EXERCISE INSTRUCTIONS >>
Will you transcribe all the entries word for word, skipping the pictures they hold?
::: DATA FOR ANALYSIS
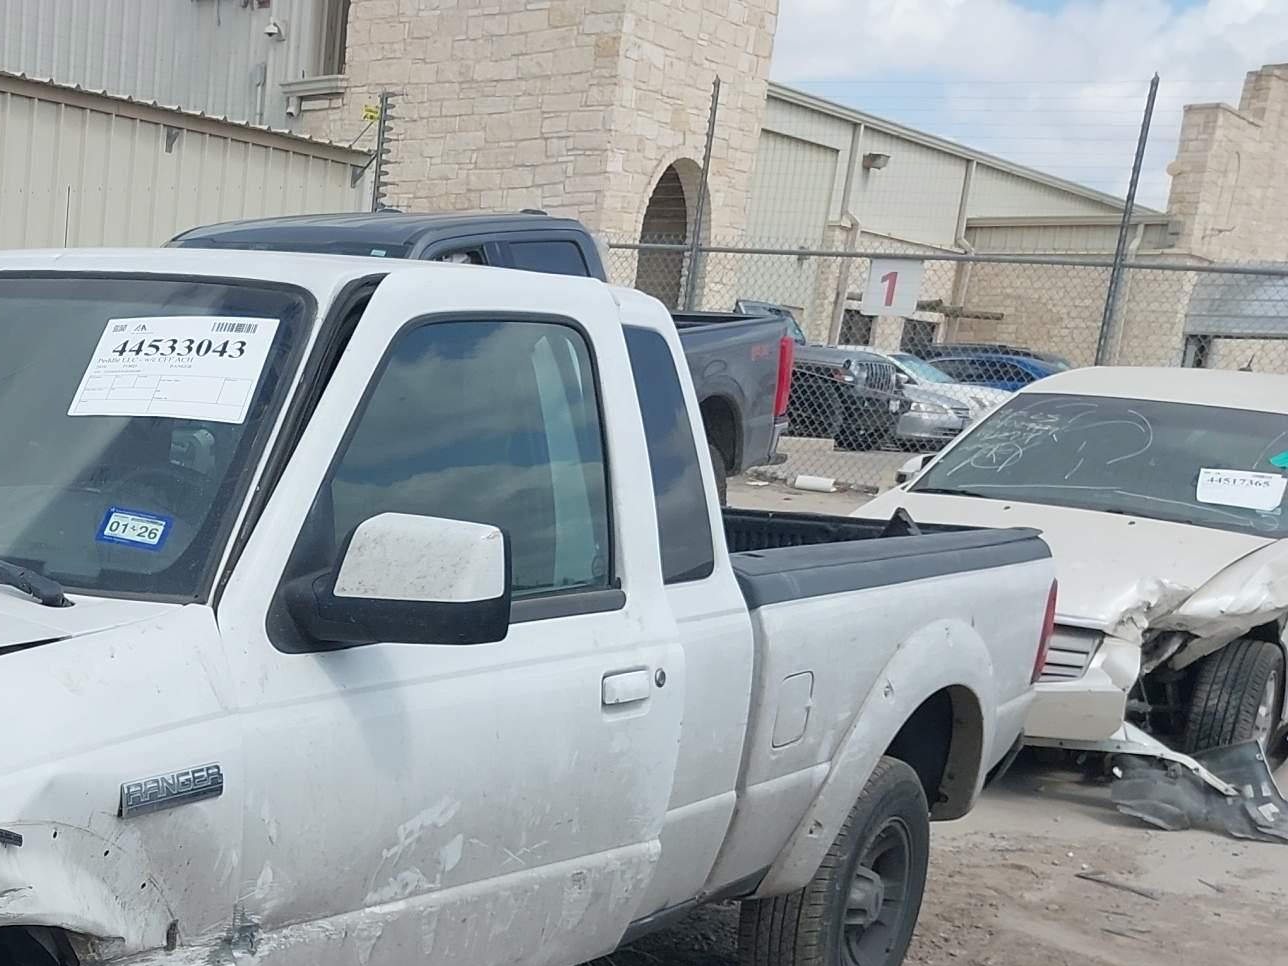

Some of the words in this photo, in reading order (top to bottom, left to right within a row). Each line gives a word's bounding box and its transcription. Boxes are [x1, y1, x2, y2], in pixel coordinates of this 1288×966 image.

[880, 271, 899, 307] 1
[112, 338, 247, 359] 44533043
[109, 521, 128, 533] 01
[136, 526, 159, 539] 26
[124, 763, 223, 806] RANGER
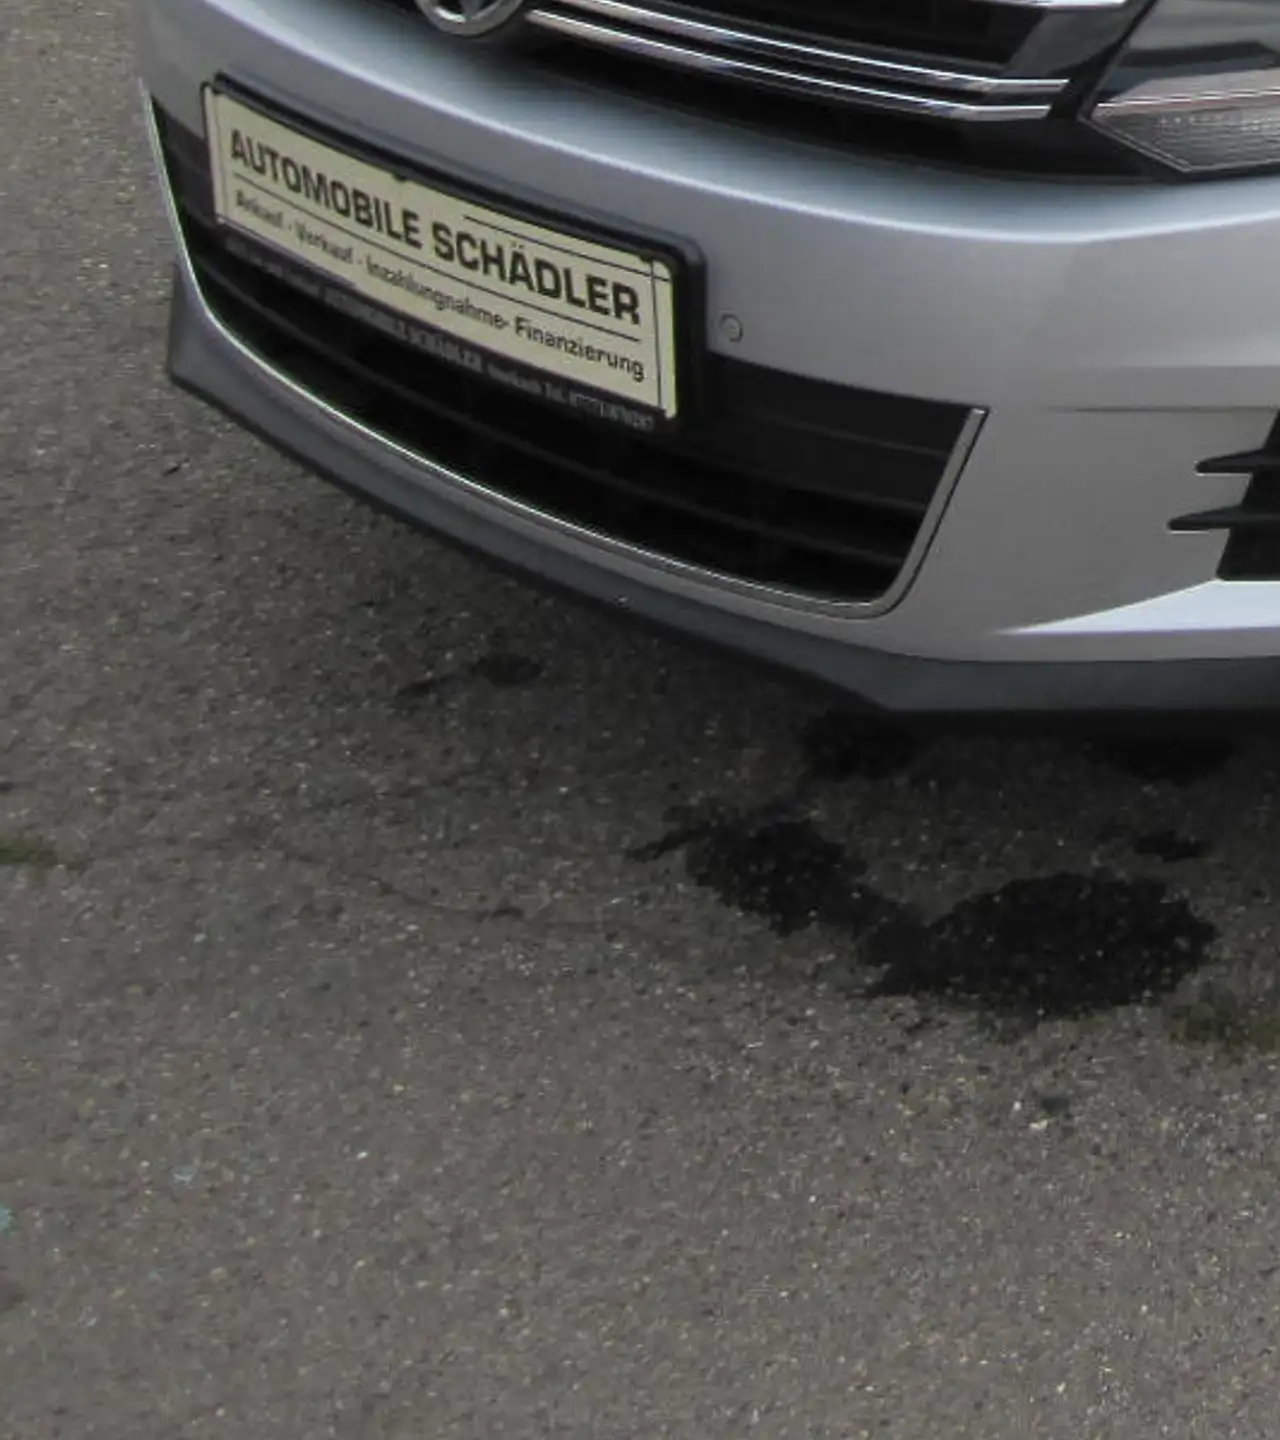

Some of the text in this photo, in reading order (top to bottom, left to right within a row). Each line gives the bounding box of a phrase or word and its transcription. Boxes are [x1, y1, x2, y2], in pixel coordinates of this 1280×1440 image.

[230, 128, 423, 250] AUTOMOBILE
[431, 221, 641, 326] SCHÄDLER
[514, 316, 645, 383] Finanzierung
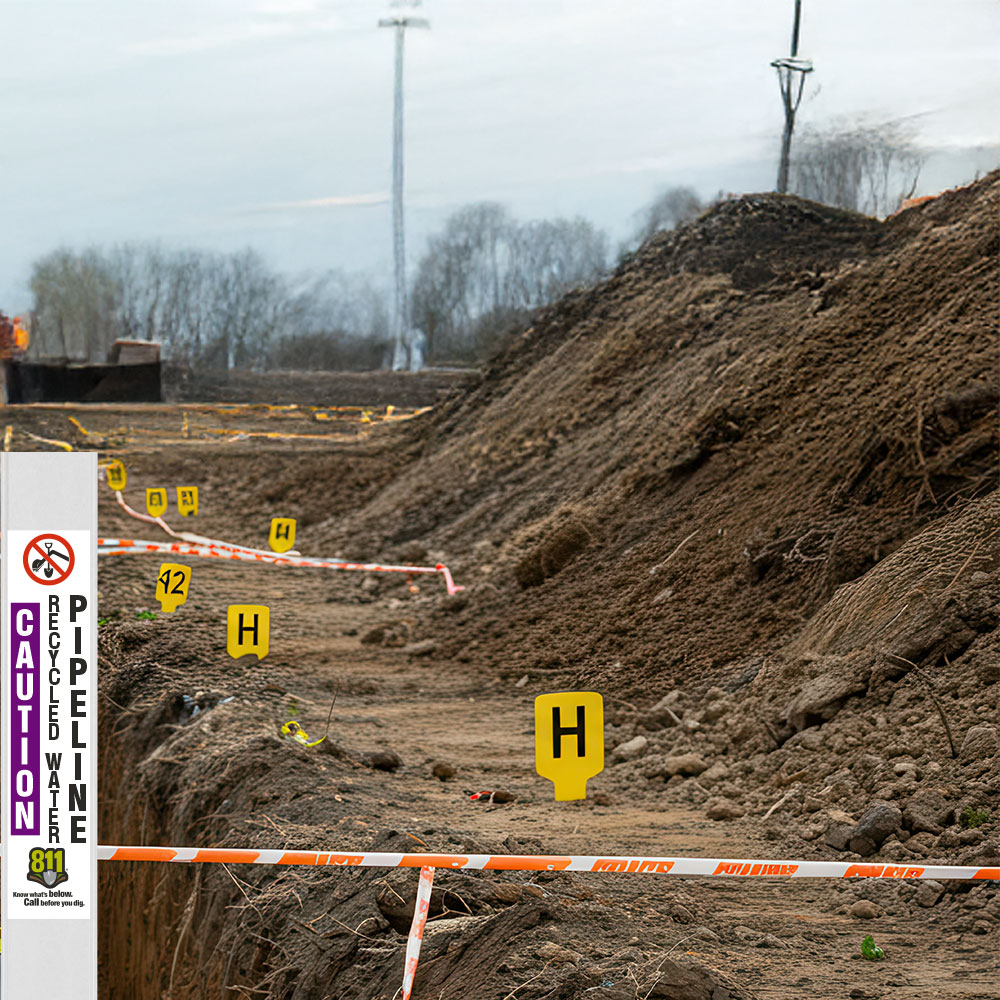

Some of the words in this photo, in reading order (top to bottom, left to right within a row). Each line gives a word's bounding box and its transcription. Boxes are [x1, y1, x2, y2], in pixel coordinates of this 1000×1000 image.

[238, 613, 259, 646] H
[48, 594, 61, 741] RECYCLED
[15, 608, 35, 830] CAUTION
[69, 594, 88, 844] PIPELINE
[551, 705, 586, 759] H
[44, 752, 63, 844] WATER
[30, 848, 64, 873] 811
[23, 898, 40, 907] Call
[40, 899, 61, 907] before
[73, 899, 86, 908] dig.
[48, 889, 73, 898] below.
::::::
SOLUTION TO THE EXERCISE >>
Some of the words in this photo, in reading order (top to bottom, left to right within a row). Each line gives a word's bounding box and its transcription. Boxes are [x1, y1, x2, y2], in pixel coordinates of this 1288×966 image.

[880, 271, 899, 307] 1
[112, 338, 247, 359] 44533043
[109, 521, 128, 533] 01
[136, 526, 159, 539] 26
[124, 763, 223, 806] RANGER

Some of the text in this photo, in reading order (top to bottom, left to right within a row). Each line gives the bounding box of a phrase or word and its transcription. Boxes are [x1, y1, x2, y2], in pixel coordinates of this 1280×1440 image.

[230, 128, 423, 250] AUTOMOBILE
[431, 221, 641, 326] SCHÄDLER
[514, 316, 645, 383] Finanzierung

Some of the words in this photo, in reading order (top to bottom, left to right within a row). Each line gives a word's bounding box and its transcription. Boxes are [x1, y1, x2, y2], in pixel coordinates of this 1000×1000 image.

[238, 613, 259, 646] H
[48, 594, 61, 741] RECYCLED
[15, 608, 35, 830] CAUTION
[69, 594, 88, 844] PIPELINE
[551, 705, 586, 759] H
[44, 752, 63, 844] WATER
[30, 848, 64, 873] 811
[23, 898, 40, 907] Call
[40, 899, 61, 907] before
[73, 899, 86, 908] dig.
[48, 889, 73, 898] below.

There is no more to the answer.